Parts and methods in synthetic biology: An investigation of light induced gene regulation in E. coli and the design and characterization of a dual mode promoter in S. cerevisiae

Cellular processes are astonishing and complex but precise in regulation with great modularity which makes us wonder "how do they work?" or if it is possible to redesign them for our specific need. Synthetic biology is a field of research that combines molecular biology and engineering aspect to understand cellular processes as well as to redesign "biological devices" (e.g. feedback networks) or "parts"(e.g. promoters) for constructing controlled biological system. For this, synthetic biology needs resources such as libraries of biological parts and methods to develop those parts, and to validate them in targeted organisms.

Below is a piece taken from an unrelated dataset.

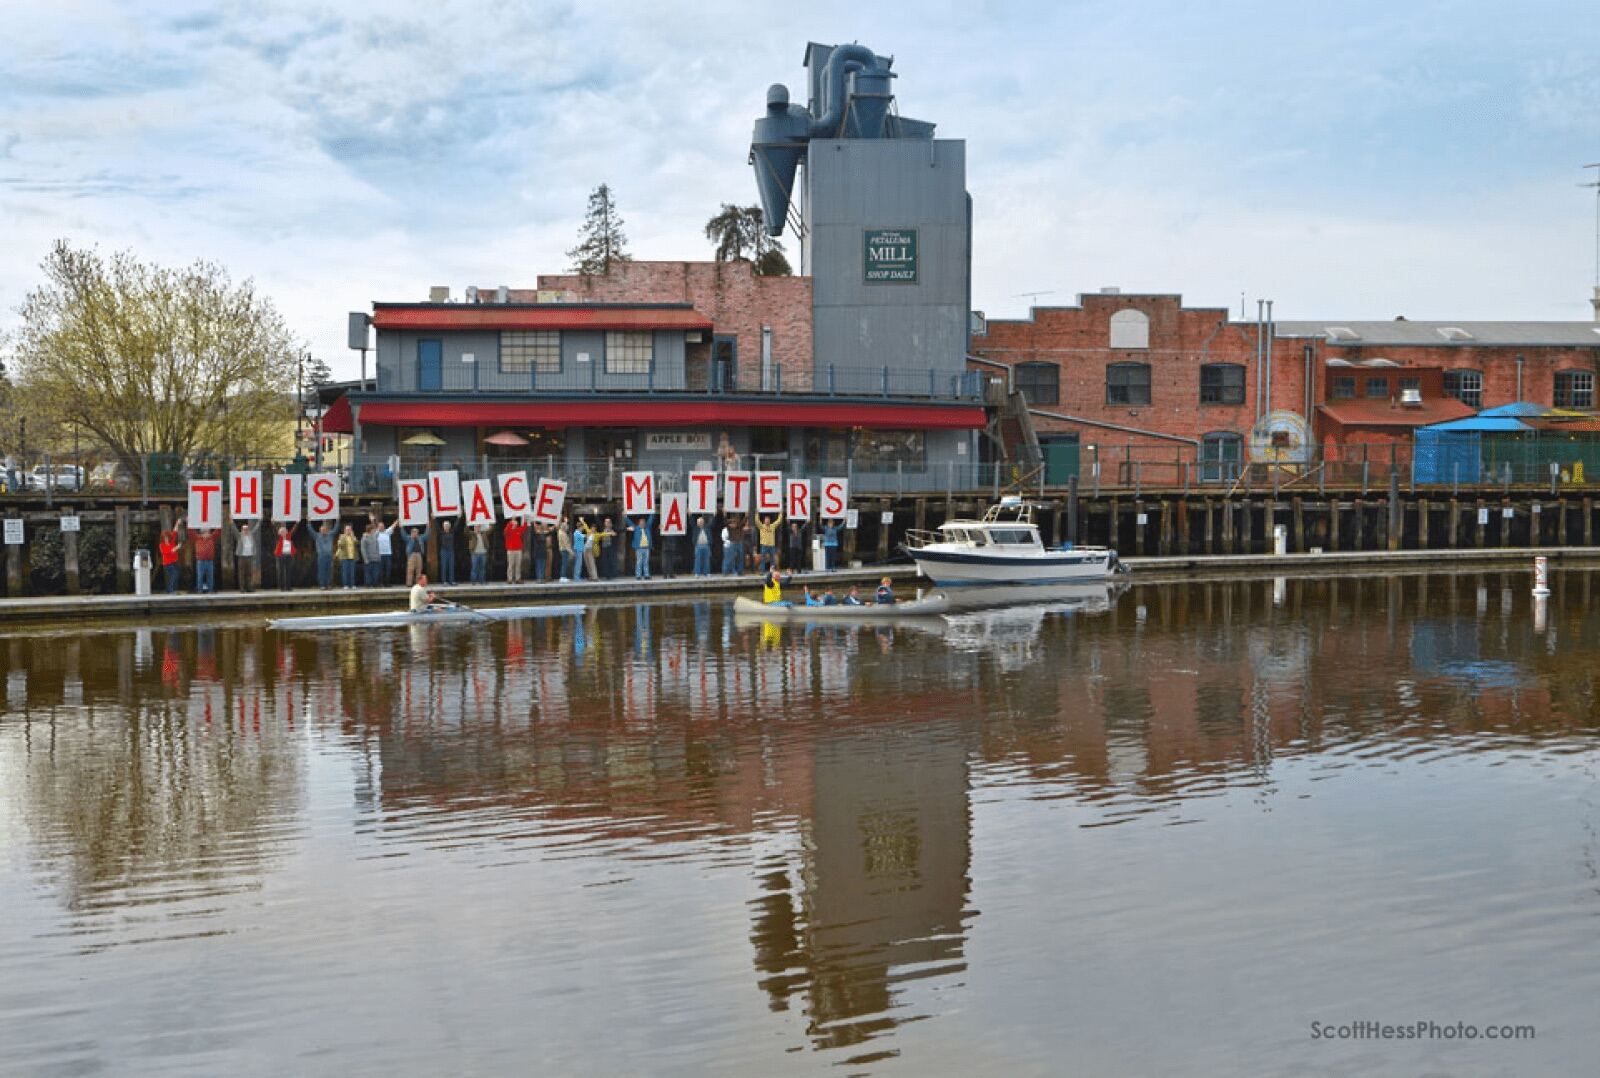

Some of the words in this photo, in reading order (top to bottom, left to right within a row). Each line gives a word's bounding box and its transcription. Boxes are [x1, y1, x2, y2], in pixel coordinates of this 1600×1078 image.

Here, one of the projects was to validate and develop an in vivo system for light-responsive transcriptional gene regulation. We implemented a blue light-responsive reporter system with conventional E. coli promoter design methods to validate DNA binding activity of six in vitro characterized variants of fusion photoactive yellow protein (PYP). The in vivo system design involved placing blue light induced PYP binding DNA sequences such that PYP would inhibit access of RNA polymerase to the promoter upon light exposure. Comparison of results of in vivo DNA binding activity via fluorescence of these six fusion PYP with the Kd value of in vitro DNA binding activity showed weak correlation. Development of this kind of in vivo screening method would narrow down the search for better light responsive DNA binding fusion PYP variants. The other project in this work was to develop a "dual-mode" promoter to enrich the synthetic biology library, with the motivation for the design arising from our ongoing effort to design and implement a feedback controller in S. cerevisiae. To design this promoter we started with the minimal cytochrome C promoter in yeast to incorporate five steroid hormone responsive elements and one lac operator site, respectively upstream and downstream of the TATA box. This allows activation through the testosterone-responsive androgen receptor, and repression through the LacI repressor. Exposure to varying concentrations of testosterone and IPTG demonstrated the functionality of the promoter's activating and repressing modes, and the ability to combine these effects to tune the promoter's output curve over a wide range.